Affrontiamo il problema dei costi: un sistema completo di realtà virtuale – PC, casco e sensore di posizione – costava nei primi anni ’90, non meno di 150.000 dollari e il pc che supportasse tale tecnologia, un Silicon Graphic Onyx RE2, aveva le dimensioni di un frigorifero. Oggi, gli ambienti in virtuale sono supportati dalla maggior parte dei PC in circolazione, a patto che abbiano una buona scheda grafica, con costi che si aggirano attorno ai 1000 dollari. Anche i caschi immersivi (i cosiddetti head mounted display) sono passati dai 50.000/60.000 dollari degli anni novanta, ai 600 dollari nel 2000 per un Emagin Z800 3D che rispetto ai predecessori offriva una risoluzione di gran lunga superiore ed era capace di produrre un’immagine davvero tridimensionale per approdare ad oggi, quando un head mounted display di tutto rispetto può costare circa 300 dollari. Siamo quindi passati dai 150.000 dollari degli anni novanta ai 2.000 – 5.000 dollari dei giorni nostri e la cifra, visti i progressi della tecnologia e i costi sempre più abbordabili, è destinata a scendere.

Per quanto riguarda invece le remore riguardo la poca conoscenza di questo strumento o il timore di non saperlo utilizzare, basta controllare i principali database scientifici come Medline o PsycInfo per trovare oltre 1000 articoli relativi all’uso di ambito clinico della realtà virtuale. E se il numero relativo al costo è destinato a scendere, questo invece è destinato a salire.

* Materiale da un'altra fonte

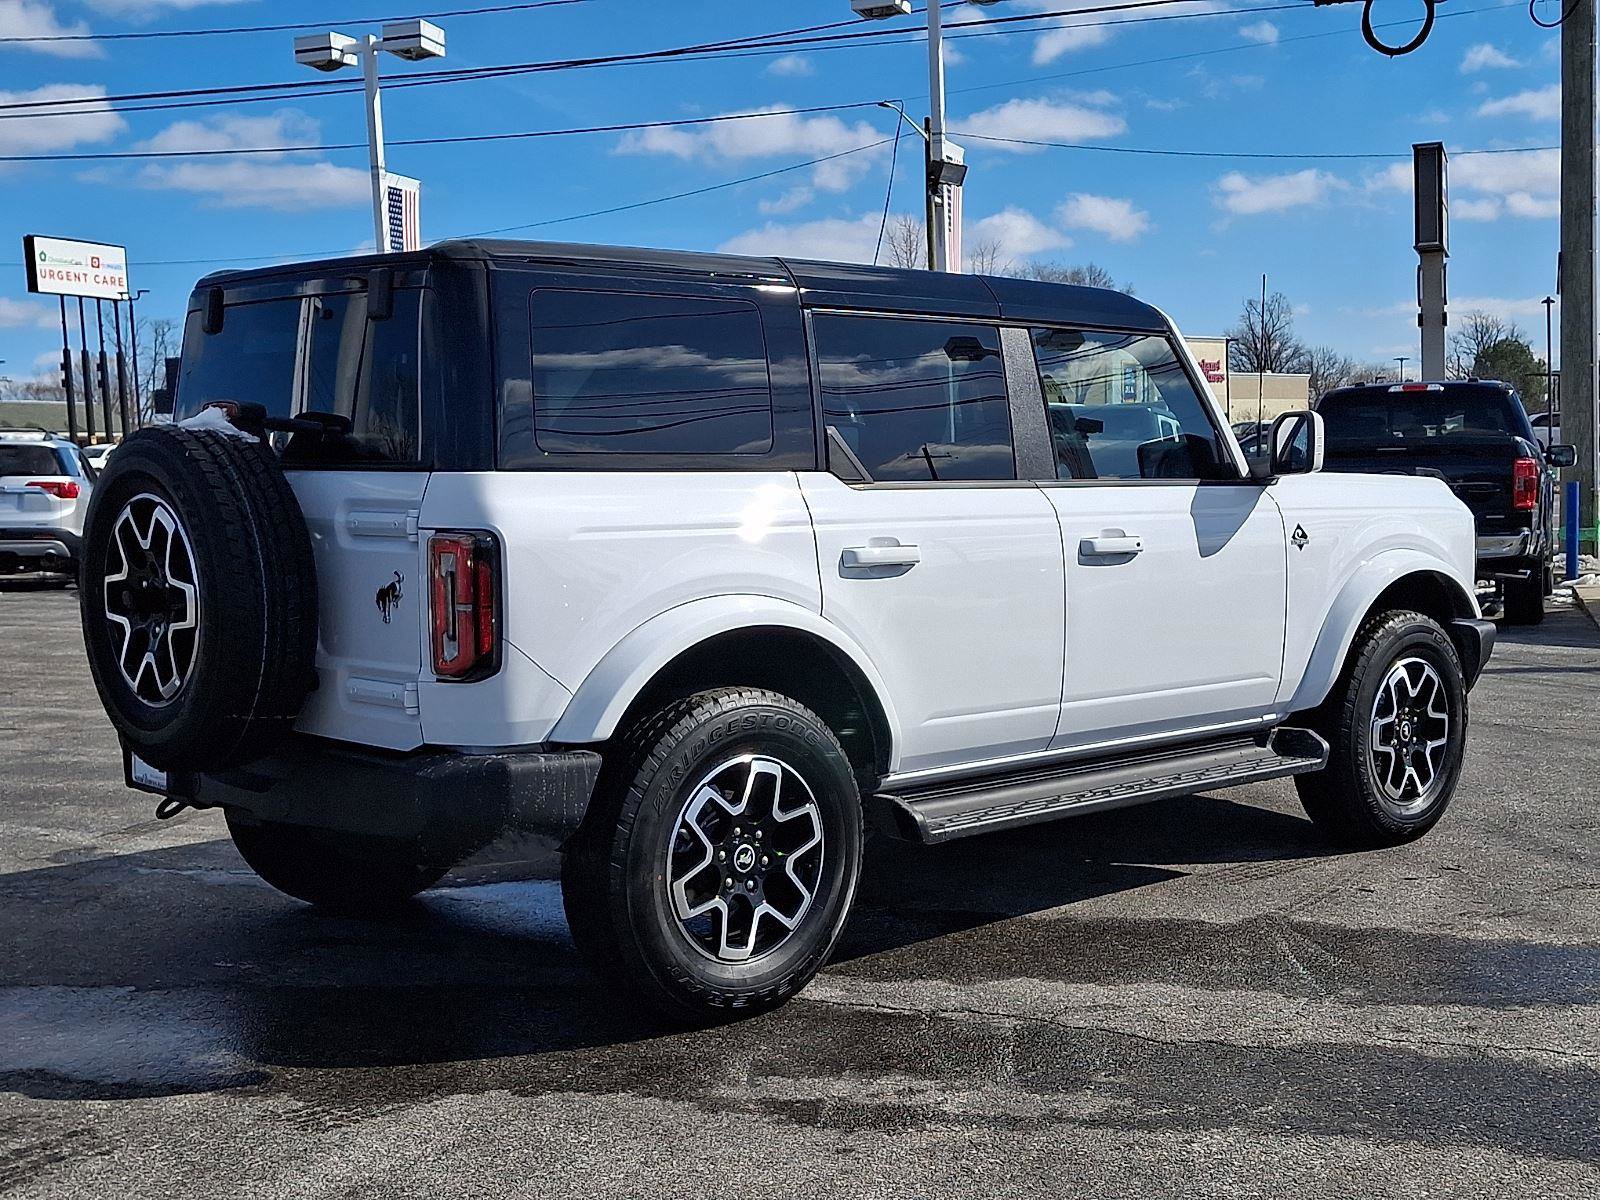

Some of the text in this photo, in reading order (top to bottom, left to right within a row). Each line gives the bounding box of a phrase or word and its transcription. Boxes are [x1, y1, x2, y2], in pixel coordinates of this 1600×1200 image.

[40, 268, 124, 287] URGENT CARE
[653, 712, 820, 816] BRIDGESTONE

Occorre ricordare però che non è il terapeuta a doversi adattare alla tecnologia, ma è quest’ultima che deve offrire nuovi stimoli e strumenti in grado di aumentarne le capacità di valutazione e intervento, ed è importante segnalare che mai la realtà virtuale potrà sostituire il terapeuta, perché in virtù del fatto che è uno strumento, non avrebbe alcun senso senza una mano che lo guidi. Una penna senza uno scrittore è un oggetto inerte, inutile e così è per la realtà virtuale.

A tutela di ciò, sarebbe auspicabile la creazione di un comitato ad hoc preposto alla creazione di linee guida etiche per l’impiego dei sistemi di realtà virtuale, che si occupi inoltre di garantire un monitoraggio del loro rispetto da parte di chi intende avvalersi di questo nuovo e potente strumento.